La luna, forse, partecipa al senso di condanna già pronunciata nel film: una luna sempre presente, guardinga, “lunatica” e forse anche minacciosa, forse sodale con gli altri elementi luciferini che appestano l’esistenza del film, tipo i vermi, le formiche ecc. fin dall’inizio…

L’appestamento suggerisce che tutto sia già “condannato”: la presenza maligna soverchiante ogni aspetto del vivere è effettiva già prima che la vicenda si inneschi…
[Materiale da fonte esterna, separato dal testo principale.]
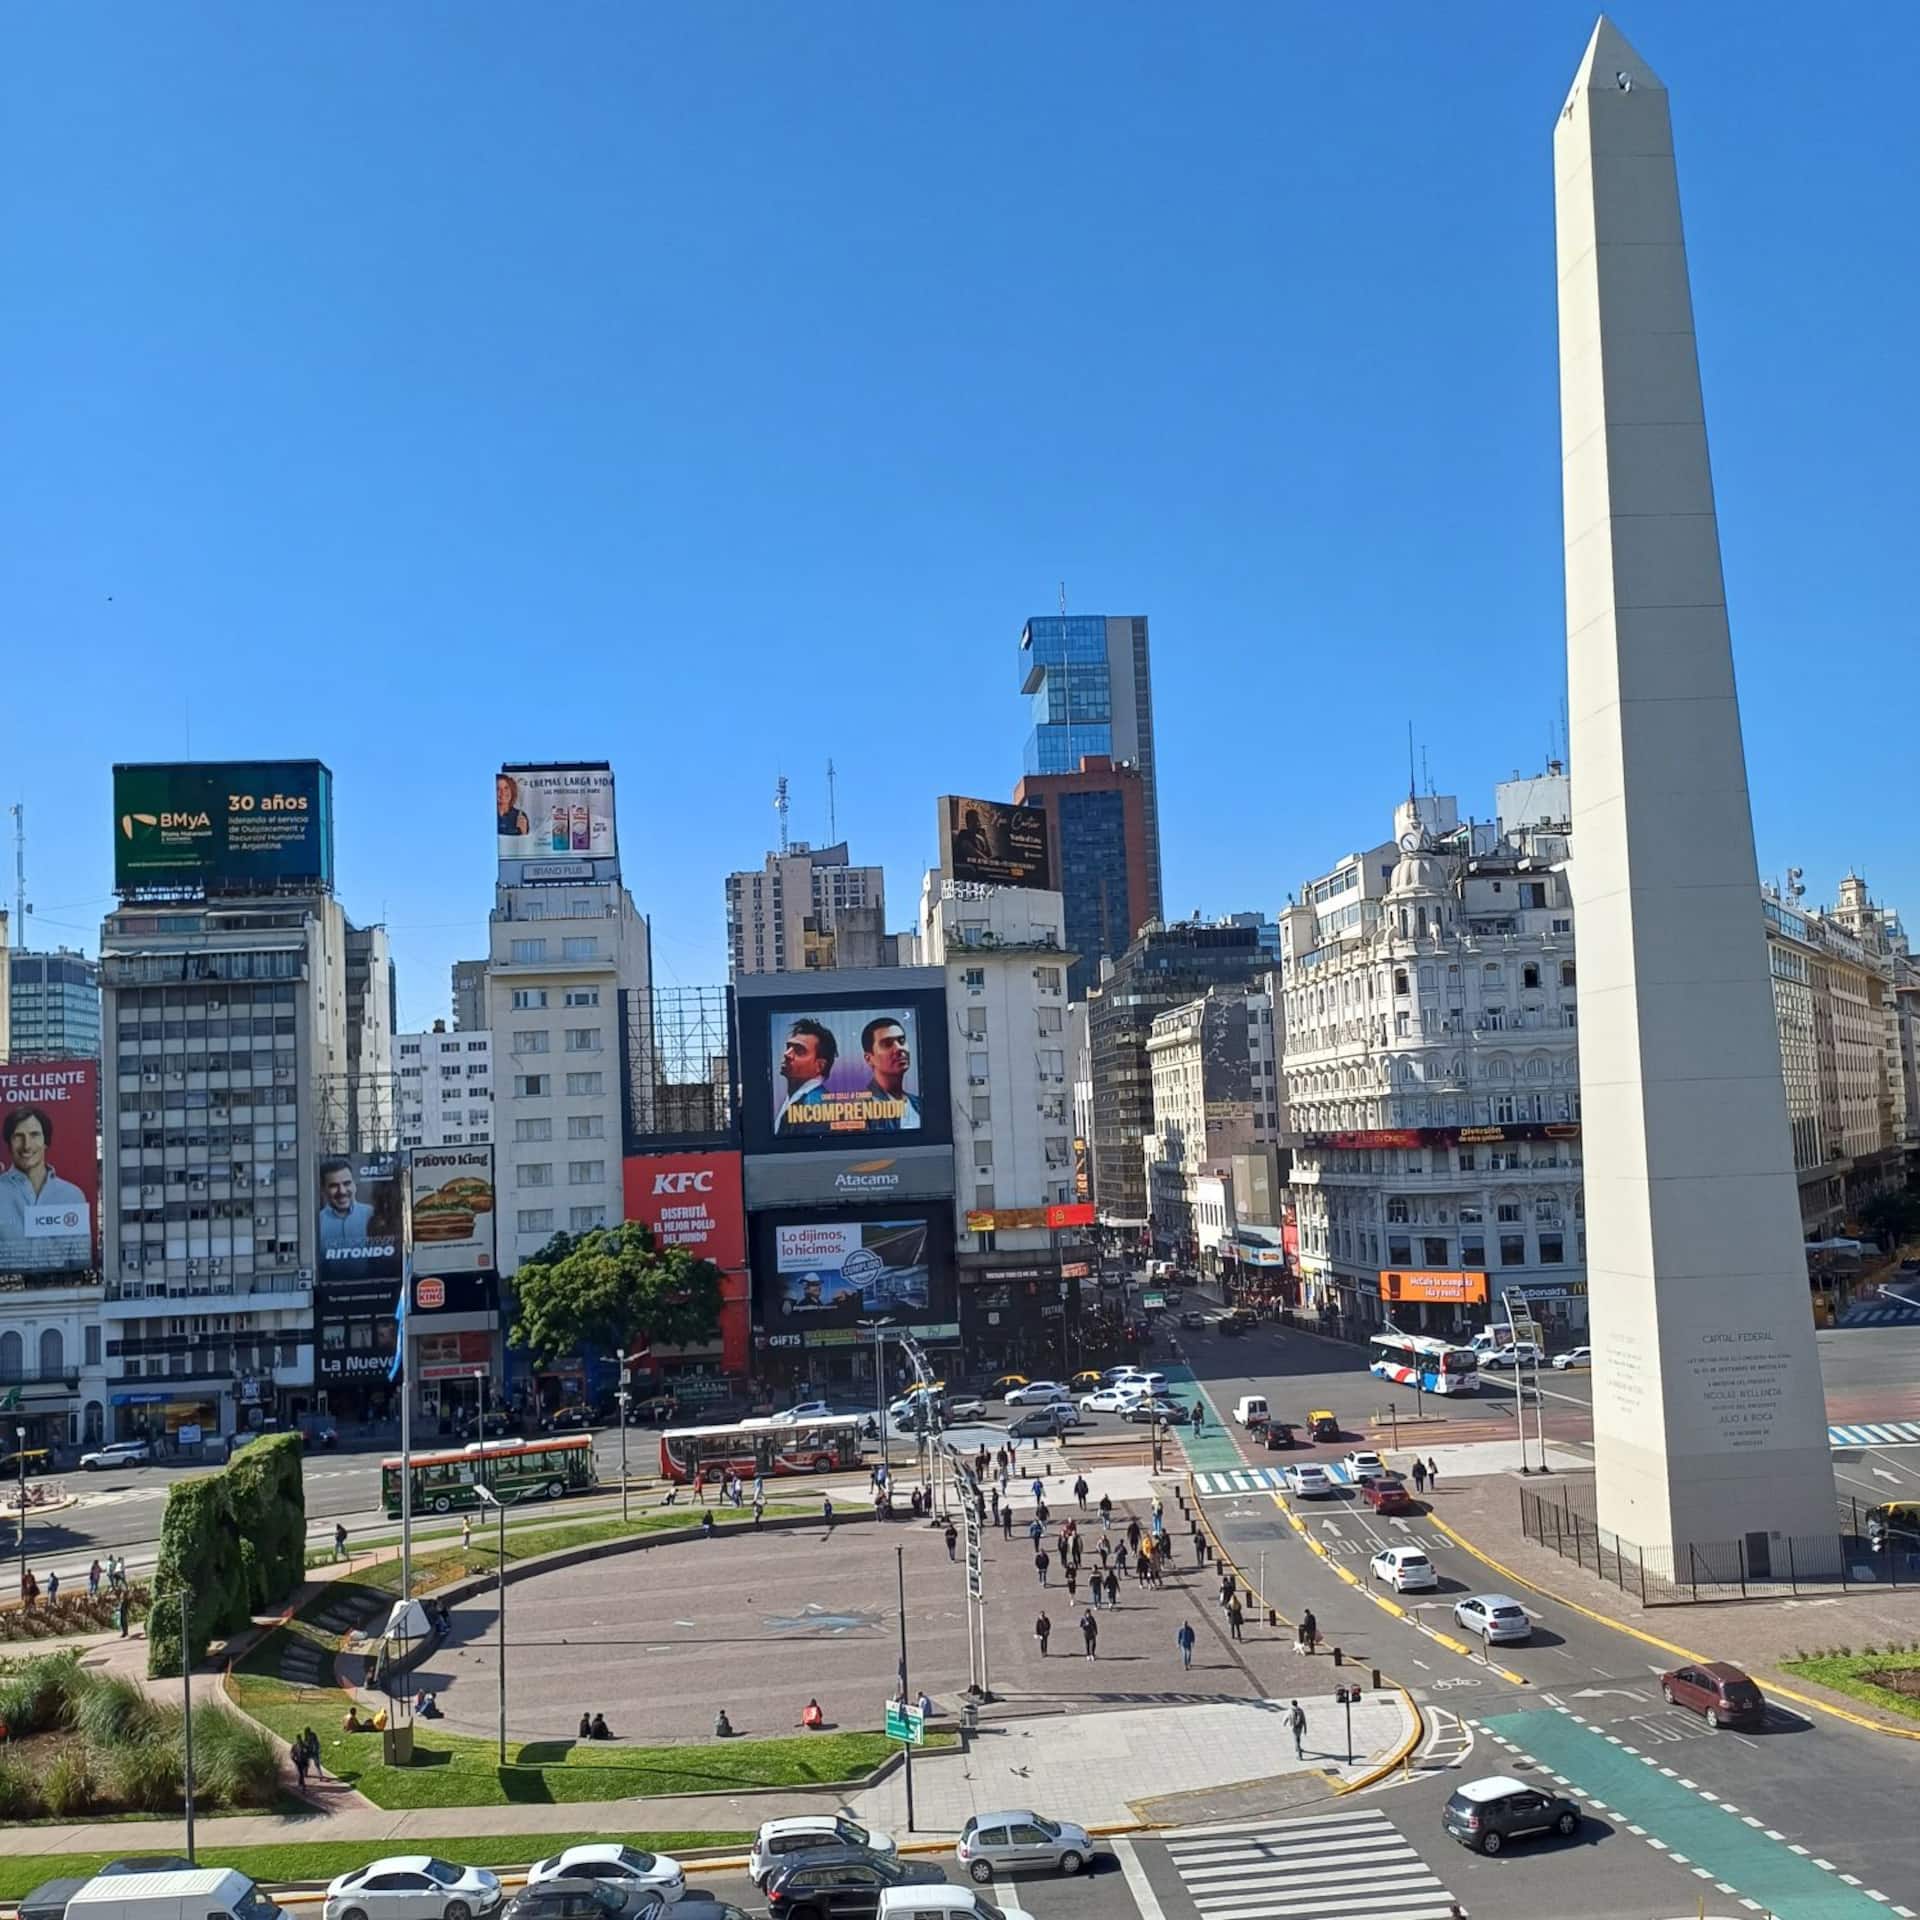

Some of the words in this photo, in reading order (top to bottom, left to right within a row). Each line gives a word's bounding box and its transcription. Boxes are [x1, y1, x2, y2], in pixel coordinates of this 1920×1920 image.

Le formiche sono già dappertutto, anche sulla TV del protagonista, ben prima che egli si approcci all’esperimento e cominci ad avere i sogni sincronizzati…
E in TV (quella TV che è attrice attiva nel vivere quotidiano in diversi esempi della New Hollywood, sia in Carpenter sia in Spielberg sia in David Lynch sia in Dick Donner sia in Terry Gilliam sia in Joe Dante: in Poltergeist è veicolo di spettri; in They Live è strumento di comunicazione ufficiale da “scassinare” e “dirottare” in senso rivoluzionario; in Halloween è materia di produzione del senso con suggerimenti sulla presenza di mostri e alieni colti solo dai bambini; in Starman, l’alieno proietta i suoi sentimenti nella visione in TV di From Here to Eternity; in Twin Peaks e Blue Velvet le telenovelas e i noir anni ’40 della TV raddoppiano catarticamente le azioni dei protagonisti; in Twelve Monkeys si vedono in TV Monkey Business e il cartoon sul Time Tunnel; in Joe Dante i cartoon imperano e irrompono nella realtà forse tramutata essa stessa in show televisivo, come si denuncia, in realismo, anche in The Second Civil War; in Conspiracy Theory di Dick Donner la finzione della TV è al centro dell’immaginazione di Mel Gibson e in Scrooged l’assurdità della produzione televisiva è il perno della vicenda), il diavolo campeggia nei cartoni animati di Tom & Jerry evidentemente già infestati

La scenografia stessa allude a questo infestamento pre-esistente anche in uno scherzo: una lapide esterna alla chiesa si chiama Godard, un bel gioco meta-cinematografico (ricordiamo che in Close Encounters di Spielberg, film su cui ci sarà da tornare, è presente in carne e ossa Truffaut)…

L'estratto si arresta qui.